Probably both, really. Plus I really like their voices. And I’m amazed at how they can continue to talk for hours and hours, day after day, and stay interesting — even when the race is not (and let’s face it, long flat stages that make you incredibly glad you have a DVR aren’t all that interesting, even to hardcore fans).
There’s more, too. No matter what happens, they handle it. Need to announce that the next show is about competitive fish cleaning? They do it. Need to talk about a race that they can’t see and have no information on, due to rain keeping the cameras off? No problem.
Need to announce that, due to the very important necessity of Versus wanting to show a lengthy NHL promo, followed by a hockey game, they won’t be showing the final three minutes of a breakaway comprised of three podium favorites? They do it with grace, reflecting none of the rage I was experiencing as I, dumbstruck, watched the screen go black with under three Km to go.
In fact, if Phil and Paul had commentated the hockey game, I might’ve even stuck around to watch.

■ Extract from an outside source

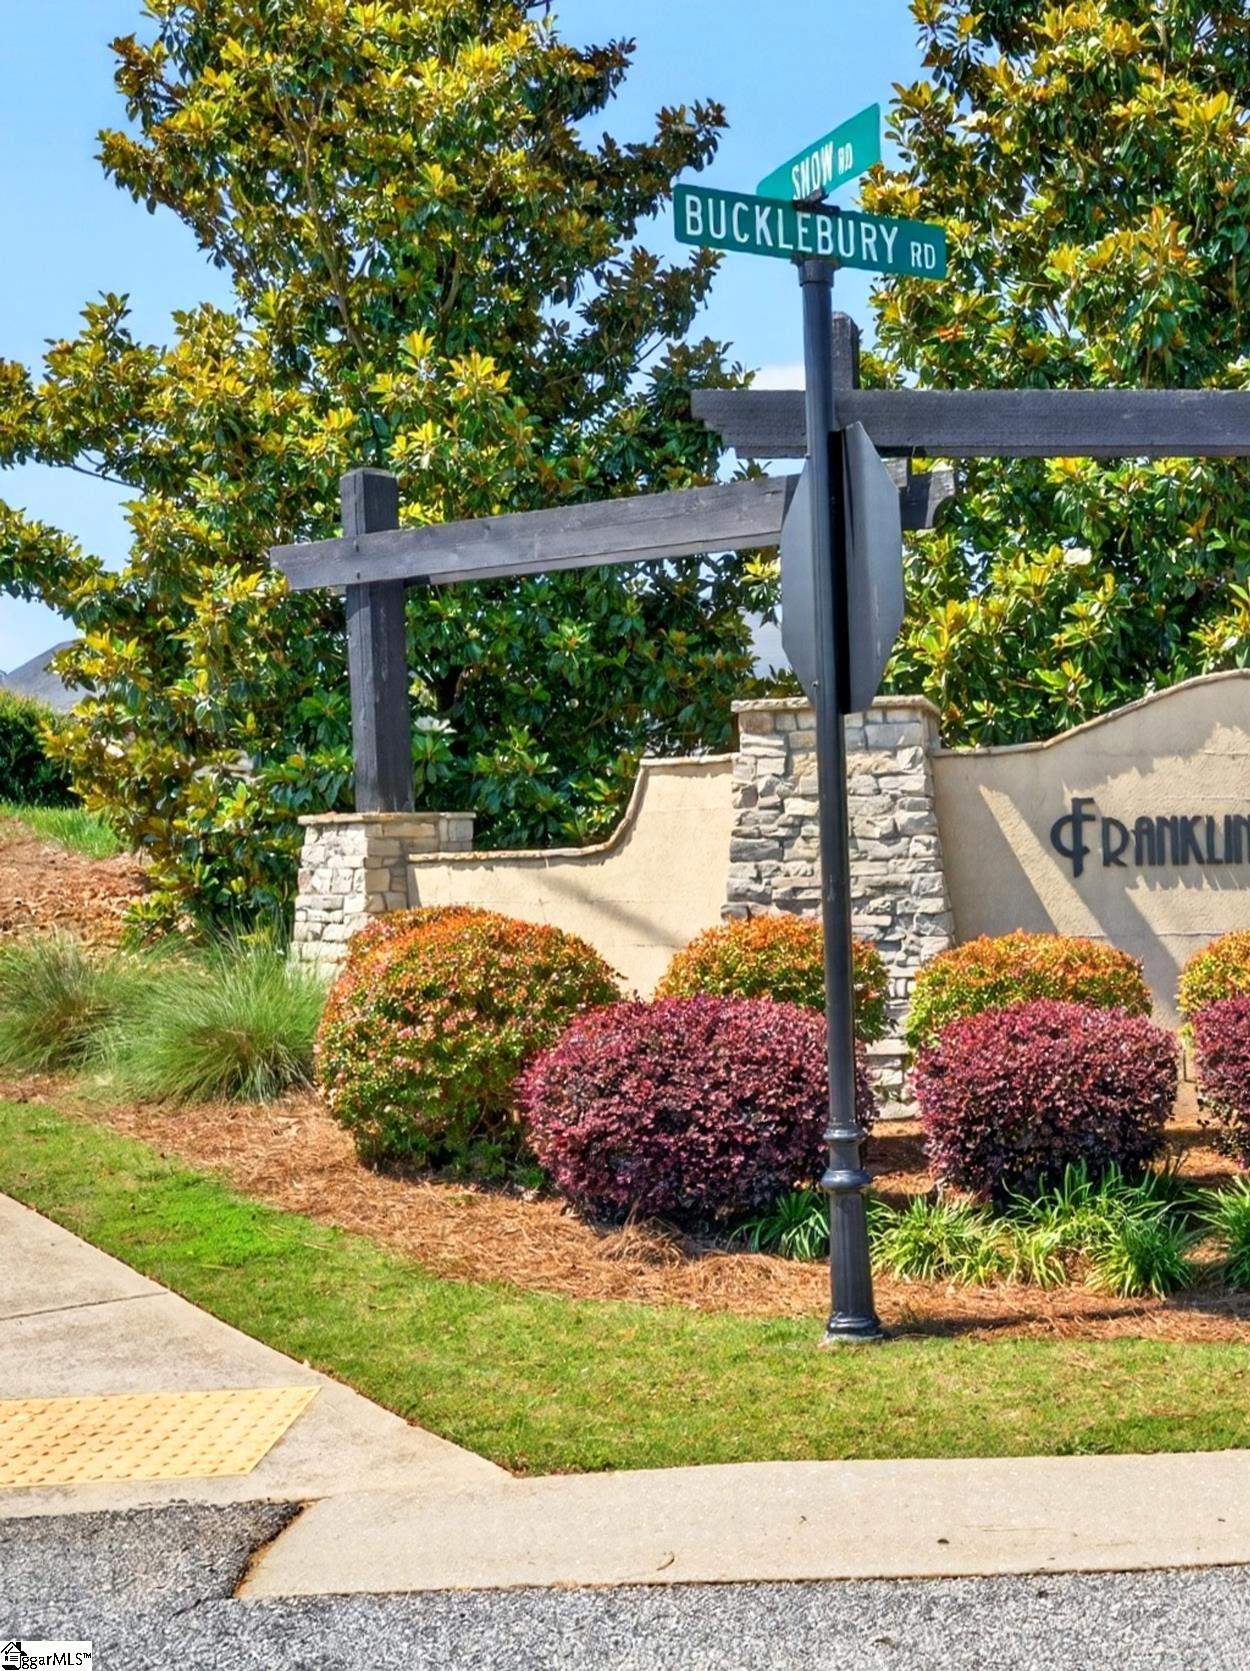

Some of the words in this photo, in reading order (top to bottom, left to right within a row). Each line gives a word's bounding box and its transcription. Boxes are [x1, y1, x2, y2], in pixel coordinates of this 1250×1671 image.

[791, 141, 834, 200] SNOW
[838, 142, 854, 175] RD
[685, 194, 898, 265] BUCKLEBURY
[911, 240, 936, 270] RD

Come to think of it, I wouldn’t mind if Phil and Paul commentated a lot of things. For example, it would have been really helpful if they had been around to commentate The Phantom of the Opera when I saw that last December:
Phil: Yes, the heroine is still singing. She’s got quite a set of lungs, that one. She’s quite sad, you can see that, and I can’t blame her. After all, she’s got to contend with a crazy, scarred man who until recently was her singing coach but is now pursuing her and is killing her co-workers left and right.
Paul: And that’s not all, Phil. You can see she’s in a cemetery now — a very sad place indeed — and thanks to some important visual cues we saw earlier, I think it’s very likely we’ll see a violent encounter involving swordplay any second now.

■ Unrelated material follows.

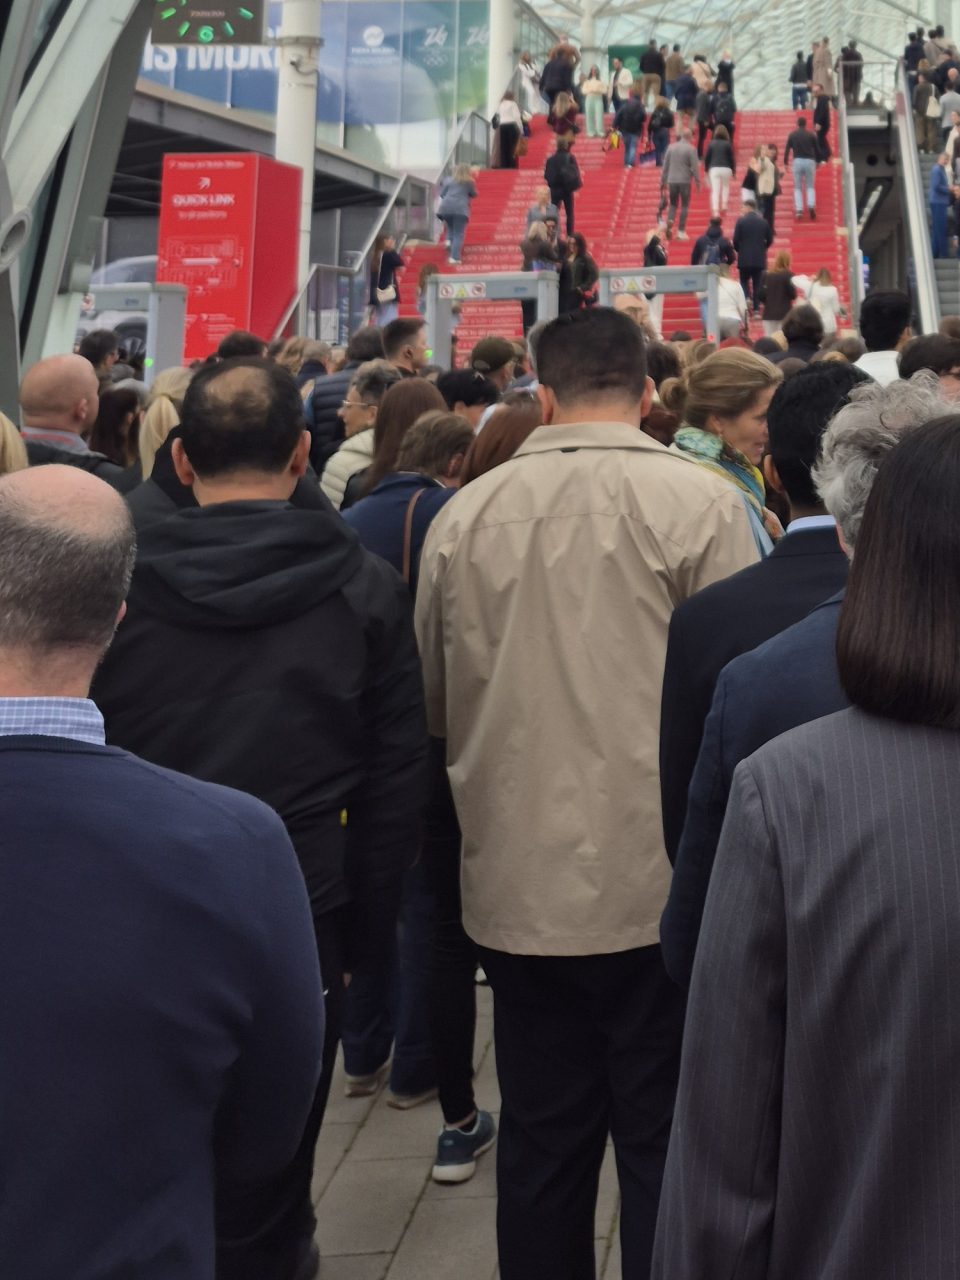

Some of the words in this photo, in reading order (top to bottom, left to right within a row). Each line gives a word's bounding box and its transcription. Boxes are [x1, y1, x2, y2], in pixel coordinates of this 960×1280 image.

Phil: Right you are, Paul, it looks like that fight has begun now. The phantom seems to be the superior swordsman, and the duke looks like he’s been caught off-guard. Oh, but he’s recovered nicely and is counterattacking! This could be a fight for the ages.
Paul: And I don’t think we should discount the fact that the Phantom is seriously unstable. It’s hard to engage in a strategic and tactical swordfight at the top level when you’re a raving lunatic…
Phil: But a handsome lunatic to be sure.
Paul: No question, the ladies seem to like the mask, though a professional fencer I’ve talked to made the excellent point that this mask is going to seriously affect the Phantom’s peripheral vision.
Phil: A handicap that’s just became evident now as the Phantom is down! That’s right, the Phantom has made a serious miscalculation and is now at the Duke of Wellington’s — I’m not sure that’s the right name, we’ll get back to that in a moment — mercy!
Paul: And with that, we’ll take a break. Don’t go away.
See, I understand the opera better already, and that’s just by imagining what Phil and Paul would say.
Honestly, there’s no pro I’ll be sadder to see leave racing than when Phil and Paul — hopefully not for a long while yet — retire.